## To do
Give every entry again, word for word and in full.

## Data for analysis
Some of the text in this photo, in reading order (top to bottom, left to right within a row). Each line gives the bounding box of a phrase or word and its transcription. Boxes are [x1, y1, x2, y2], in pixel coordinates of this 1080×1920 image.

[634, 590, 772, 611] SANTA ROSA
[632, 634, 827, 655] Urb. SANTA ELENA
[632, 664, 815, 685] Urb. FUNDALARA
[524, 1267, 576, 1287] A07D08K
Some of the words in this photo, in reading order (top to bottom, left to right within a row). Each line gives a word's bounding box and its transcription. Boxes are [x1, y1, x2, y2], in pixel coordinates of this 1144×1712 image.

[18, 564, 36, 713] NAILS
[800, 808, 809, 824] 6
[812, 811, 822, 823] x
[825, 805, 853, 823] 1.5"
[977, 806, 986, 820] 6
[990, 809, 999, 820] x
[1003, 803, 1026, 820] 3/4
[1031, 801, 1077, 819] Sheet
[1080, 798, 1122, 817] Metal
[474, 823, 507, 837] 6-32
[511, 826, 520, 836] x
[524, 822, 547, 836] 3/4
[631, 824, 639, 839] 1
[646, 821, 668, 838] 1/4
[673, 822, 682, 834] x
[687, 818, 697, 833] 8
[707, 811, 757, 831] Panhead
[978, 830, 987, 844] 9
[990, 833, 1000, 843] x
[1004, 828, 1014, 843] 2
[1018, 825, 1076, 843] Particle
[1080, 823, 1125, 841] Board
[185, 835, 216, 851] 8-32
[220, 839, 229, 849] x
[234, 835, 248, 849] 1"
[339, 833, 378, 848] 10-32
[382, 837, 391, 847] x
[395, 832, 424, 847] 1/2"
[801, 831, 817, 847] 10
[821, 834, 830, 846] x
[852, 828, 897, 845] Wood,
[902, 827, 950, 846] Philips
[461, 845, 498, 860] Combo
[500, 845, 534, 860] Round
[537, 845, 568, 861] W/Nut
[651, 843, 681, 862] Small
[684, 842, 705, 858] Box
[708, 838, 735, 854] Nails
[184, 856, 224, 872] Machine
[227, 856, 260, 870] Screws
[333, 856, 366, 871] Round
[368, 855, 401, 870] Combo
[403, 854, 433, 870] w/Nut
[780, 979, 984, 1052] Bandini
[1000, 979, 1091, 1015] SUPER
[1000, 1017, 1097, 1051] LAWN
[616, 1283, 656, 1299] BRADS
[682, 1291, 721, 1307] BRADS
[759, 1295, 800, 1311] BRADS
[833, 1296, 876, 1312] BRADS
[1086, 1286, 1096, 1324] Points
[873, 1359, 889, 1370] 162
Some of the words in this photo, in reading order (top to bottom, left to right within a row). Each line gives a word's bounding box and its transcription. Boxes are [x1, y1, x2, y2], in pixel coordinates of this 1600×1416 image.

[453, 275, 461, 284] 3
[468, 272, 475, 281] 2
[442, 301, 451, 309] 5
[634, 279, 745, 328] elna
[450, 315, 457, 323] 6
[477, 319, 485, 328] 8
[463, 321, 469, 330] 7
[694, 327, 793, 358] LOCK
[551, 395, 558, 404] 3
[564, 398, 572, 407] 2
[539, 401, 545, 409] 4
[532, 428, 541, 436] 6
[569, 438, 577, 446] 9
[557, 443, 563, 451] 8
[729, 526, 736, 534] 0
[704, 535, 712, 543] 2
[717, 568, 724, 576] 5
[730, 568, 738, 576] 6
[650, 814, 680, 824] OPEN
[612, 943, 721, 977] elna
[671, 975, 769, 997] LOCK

## Result of the exercise
Some of the text in this photo, in reading order (top to bottom, left to right within a row). Each line gives the bounding box of a phrase or word and its transcription. Boxes are [x1, y1, x2, y2], in pixel coordinates of this 1080×1920 image.

[634, 590, 772, 611] SANTA ROSA
[632, 634, 827, 655] Urb. SANTA ELENA
[632, 664, 815, 685] Urb. FUNDALARA
[524, 1267, 576, 1287] A07D08K
Some of the words in this photo, in reading order (top to bottom, left to right within a row). Each line gives a word's bounding box and its transcription. Boxes are [x1, y1, x2, y2], in pixel coordinates of this 1144×1712 image.

[18, 564, 36, 713] NAILS
[800, 808, 809, 824] 6
[812, 811, 822, 823] x
[825, 805, 853, 823] 1.5"
[977, 806, 986, 820] 6
[990, 809, 999, 820] x
[1003, 803, 1026, 820] 3/4
[1031, 801, 1077, 819] Sheet
[1080, 798, 1122, 817] Metal
[474, 823, 507, 837] 6-32
[511, 826, 520, 836] x
[524, 822, 547, 836] 3/4
[631, 824, 639, 839] 1
[646, 821, 668, 838] 1/4
[673, 822, 682, 834] x
[687, 818, 697, 833] 8
[707, 811, 757, 831] Panhead
[978, 830, 987, 844] 9
[990, 833, 1000, 843] x
[1004, 828, 1014, 843] 2
[1018, 825, 1076, 843] Particle
[1080, 823, 1125, 841] Board
[185, 835, 216, 851] 8-32
[220, 839, 229, 849] x
[234, 835, 248, 849] 1"
[339, 833, 378, 848] 10-32
[382, 837, 391, 847] x
[395, 832, 424, 847] 1/2"
[801, 831, 817, 847] 10
[821, 834, 830, 846] x
[852, 828, 897, 845] Wood,
[902, 827, 950, 846] Philips
[461, 845, 498, 860] Combo
[500, 845, 534, 860] Round
[537, 845, 568, 861] W/Nut
[651, 843, 681, 862] Small
[684, 842, 705, 858] Box
[708, 838, 735, 854] Nails
[184, 856, 224, 872] Machine
[227, 856, 260, 870] Screws
[333, 856, 366, 871] Round
[368, 855, 401, 870] Combo
[403, 854, 433, 870] w/Nut
[780, 979, 984, 1052] Bandini
[1000, 979, 1091, 1015] SUPER
[1000, 1017, 1097, 1051] LAWN
[616, 1283, 656, 1299] BRADS
[682, 1291, 721, 1307] BRADS
[759, 1295, 800, 1311] BRADS
[833, 1296, 876, 1312] BRADS
[1086, 1286, 1096, 1324] Points
[873, 1359, 889, 1370] 162
Some of the words in this photo, in reading order (top to bottom, left to right within a row). Each line gives a word's bounding box and its transcription. Boxes are [x1, y1, x2, y2], in pixel coordinates of this 1600×1416 image.

[453, 275, 461, 284] 3
[468, 272, 475, 281] 2
[442, 301, 451, 309] 5
[634, 279, 745, 328] elna
[450, 315, 457, 323] 6
[477, 319, 485, 328] 8
[463, 321, 469, 330] 7
[694, 327, 793, 358] LOCK
[551, 395, 558, 404] 3
[564, 398, 572, 407] 2
[539, 401, 545, 409] 4
[532, 428, 541, 436] 6
[569, 438, 577, 446] 9
[557, 443, 563, 451] 8
[729, 526, 736, 534] 0
[704, 535, 712, 543] 2
[717, 568, 724, 576] 5
[730, 568, 738, 576] 6
[650, 814, 680, 824] OPEN
[612, 943, 721, 977] elna
[671, 975, 769, 997] LOCK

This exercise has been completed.